Turkey Vote Revives Gulen-Linked Stocks as Rest of Market Slumps

Updated on

As Turkish stocks tumbled after the general election, some had their biggest gains in weeks.

Gold miner Koza Altin Isletmeleri AS jumped 7.6 percent, the most since Feb. 26, and sister company Ipek Dogal Enerji Kaynaklari AS posted the highest close since May 21 as investors speculated stocks associated with a U.S.-based Islamic cleric will benefit from a weakening of President Recep Tayyip Erdogan’s power.

The companies were among only six in the 100-member equity benchmark to gain after the ruling AK Party, which Erdogan led for more than a decade before becoming president, failed to win a majority needed to form a government. Koza Altin was battered the past two years in part by its association with Fethullah Gulen, whom Erdogan has accused of being behind a “parallel state” in Turkey.

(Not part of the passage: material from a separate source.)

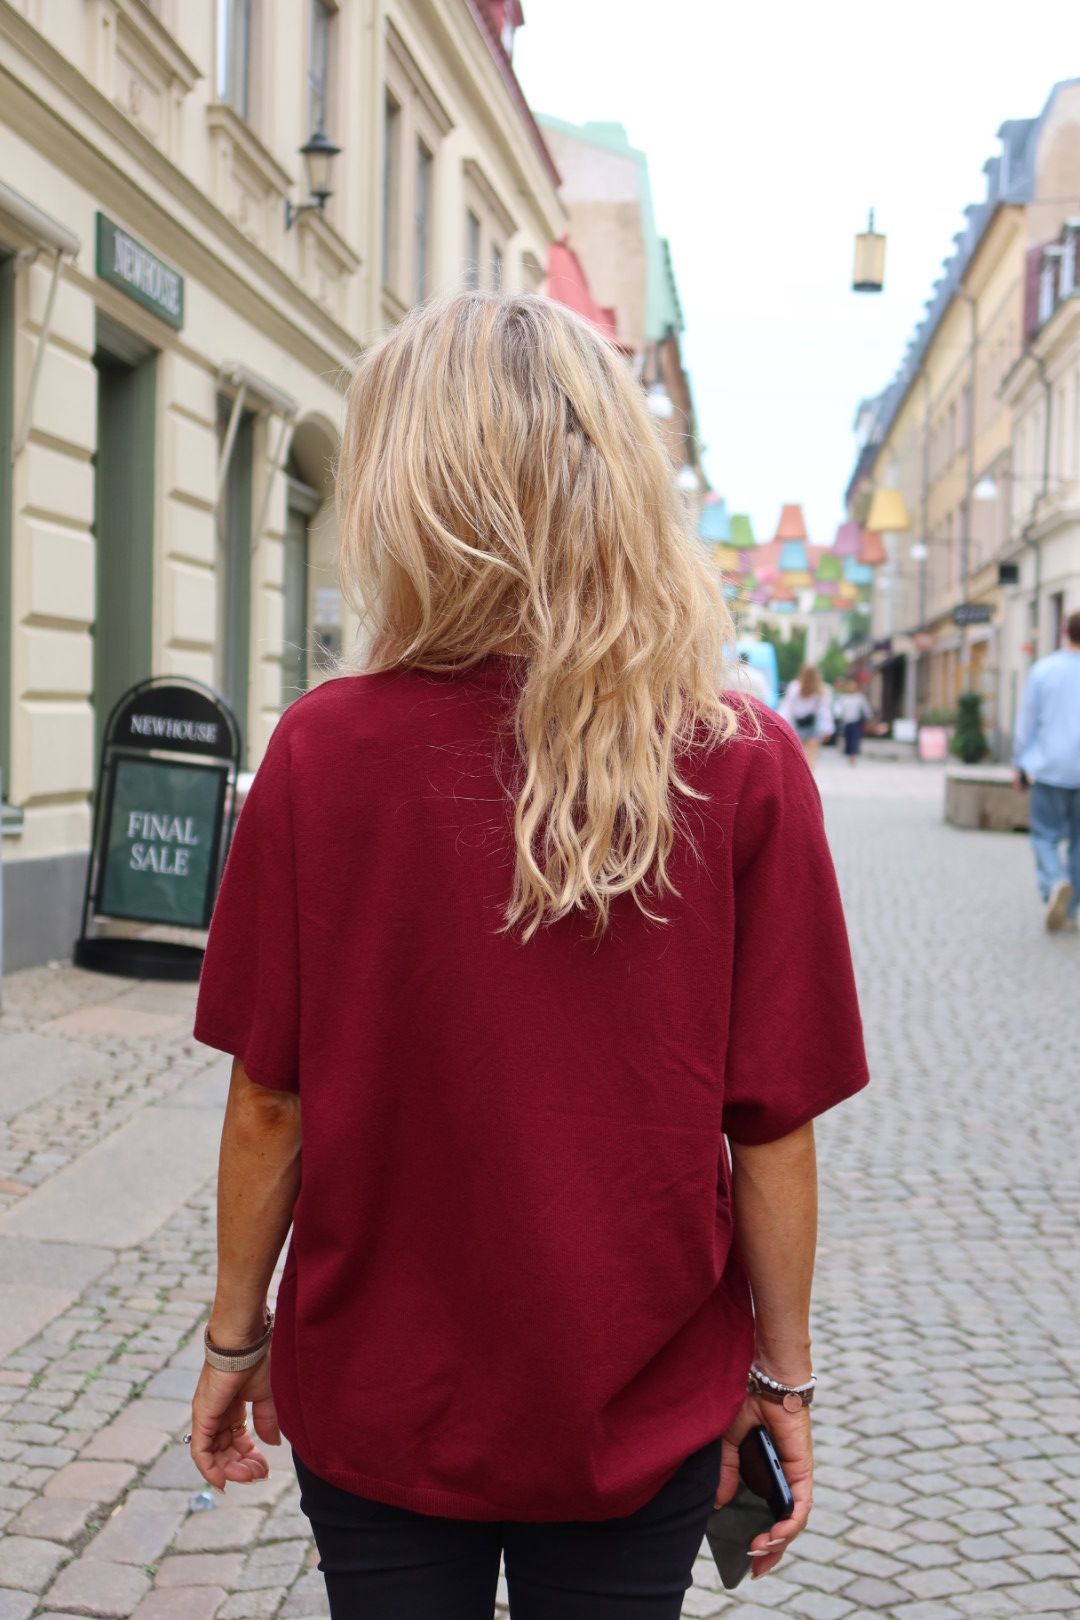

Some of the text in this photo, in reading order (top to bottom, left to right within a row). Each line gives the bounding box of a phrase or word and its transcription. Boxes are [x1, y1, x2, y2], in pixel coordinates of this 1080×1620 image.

[113, 229, 180, 315] NEWHOUSE
[131, 714, 217, 743] NEWHOUSE
[127, 811, 199, 846] FINAL
[129, 842, 190, 876] SALE

“The AK Party will likely tone down its rhetoric as it will need to be in a coalition, and that will damp its authoritarian tendencies,” William Jackson, an analyst at Capital Economics Ltd. in London, said by phone. “It was clear in the run-up to the election that the AK Party had been very critical of the Gulenist movement, and that companies linked to this were being attacked or denied business opportunities.”

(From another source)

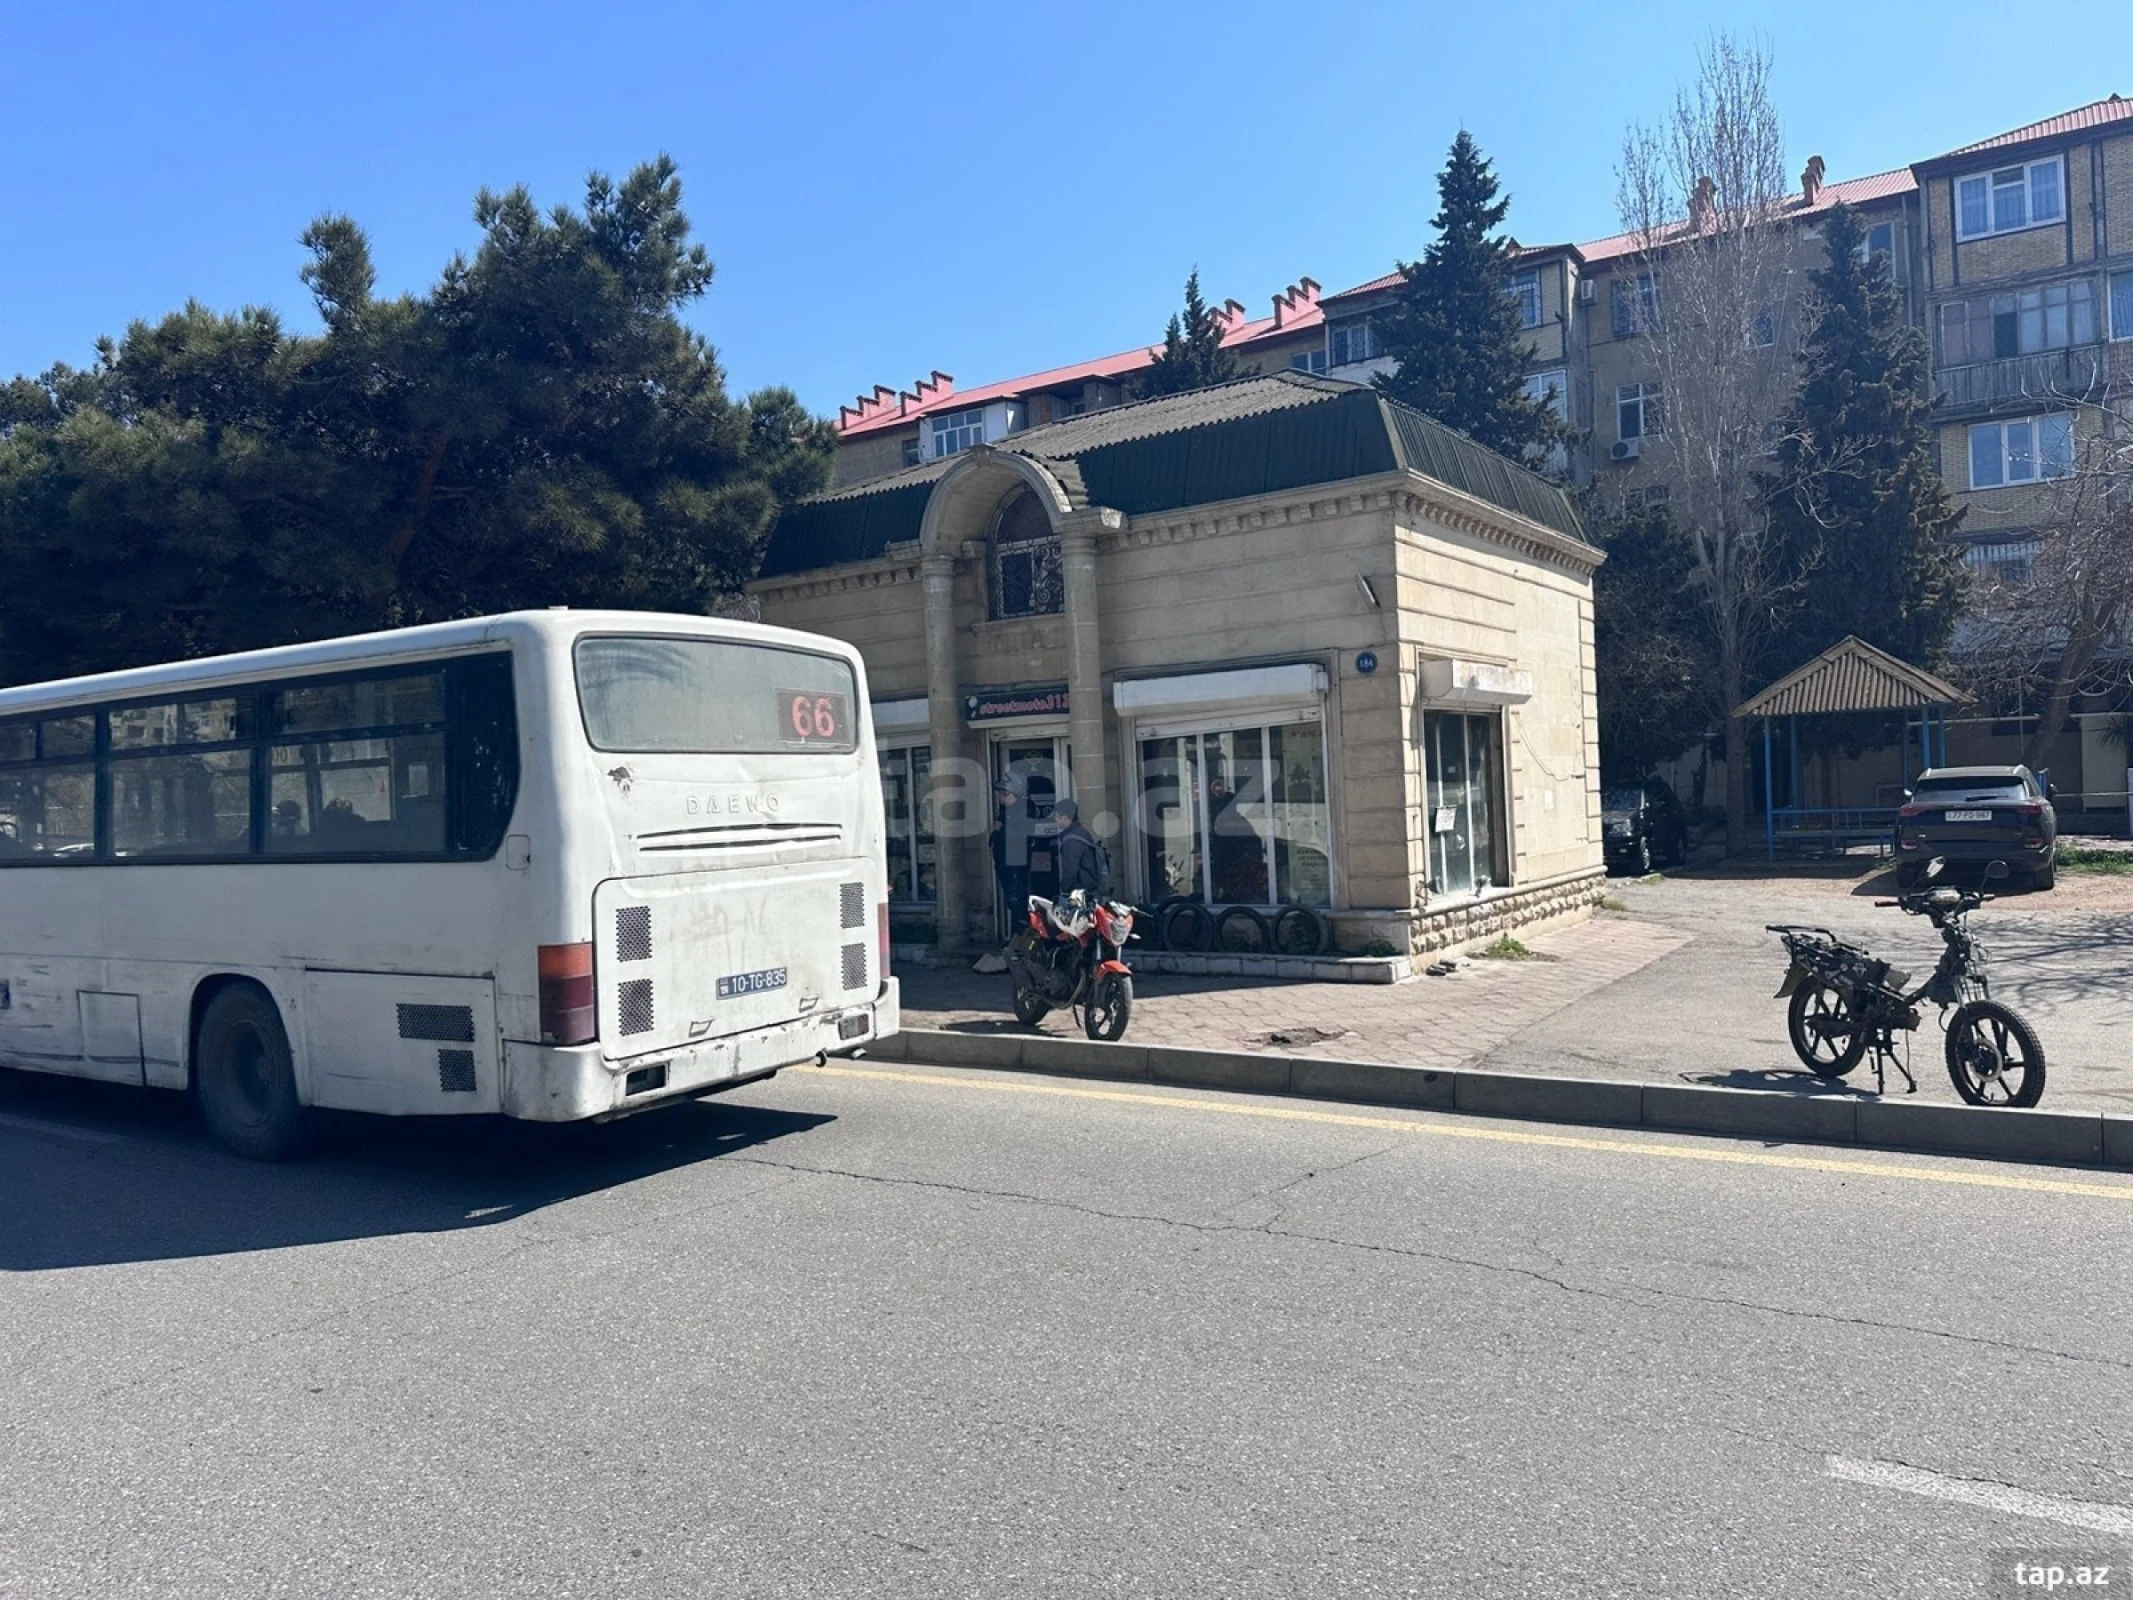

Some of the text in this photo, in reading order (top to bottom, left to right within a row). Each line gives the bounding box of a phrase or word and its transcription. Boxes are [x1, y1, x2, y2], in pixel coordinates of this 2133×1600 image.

Ipek Enerji climbed 8.6 percent, the most in almost a week, and Koza Anadolu Metal Madencilik Isletmeleri AS, owned by Ipek, jumped 11 percent by the close in Istanbul. Meanwhile, the Borsa Istanbul 100 Index slid 5.1 percent.

Asya Bank

Shares of Islamic lender Asya Katilim Bankasi AS, which was seized by the Savings Deposit Insurance Fund and accused by Erdogan on June 2 of funding the Gulenist movement, rallied 11 percent, taking its four-day advance to 49 percent.

Erdogan said on Monday that no party will be able to rule the country alone and that all sides must act “responsibly” to preserve a climate of stability, confidence and democratic gains.

Koza said last year that authorities had been withholding permits from its companies, halting production at three mines. While Chairman Akin Ipek said in December that he’s not a “financier or supporter of anyone,” he described Gulen as his source of “inspiration” in a Wall Street Journal story 11 months earlier.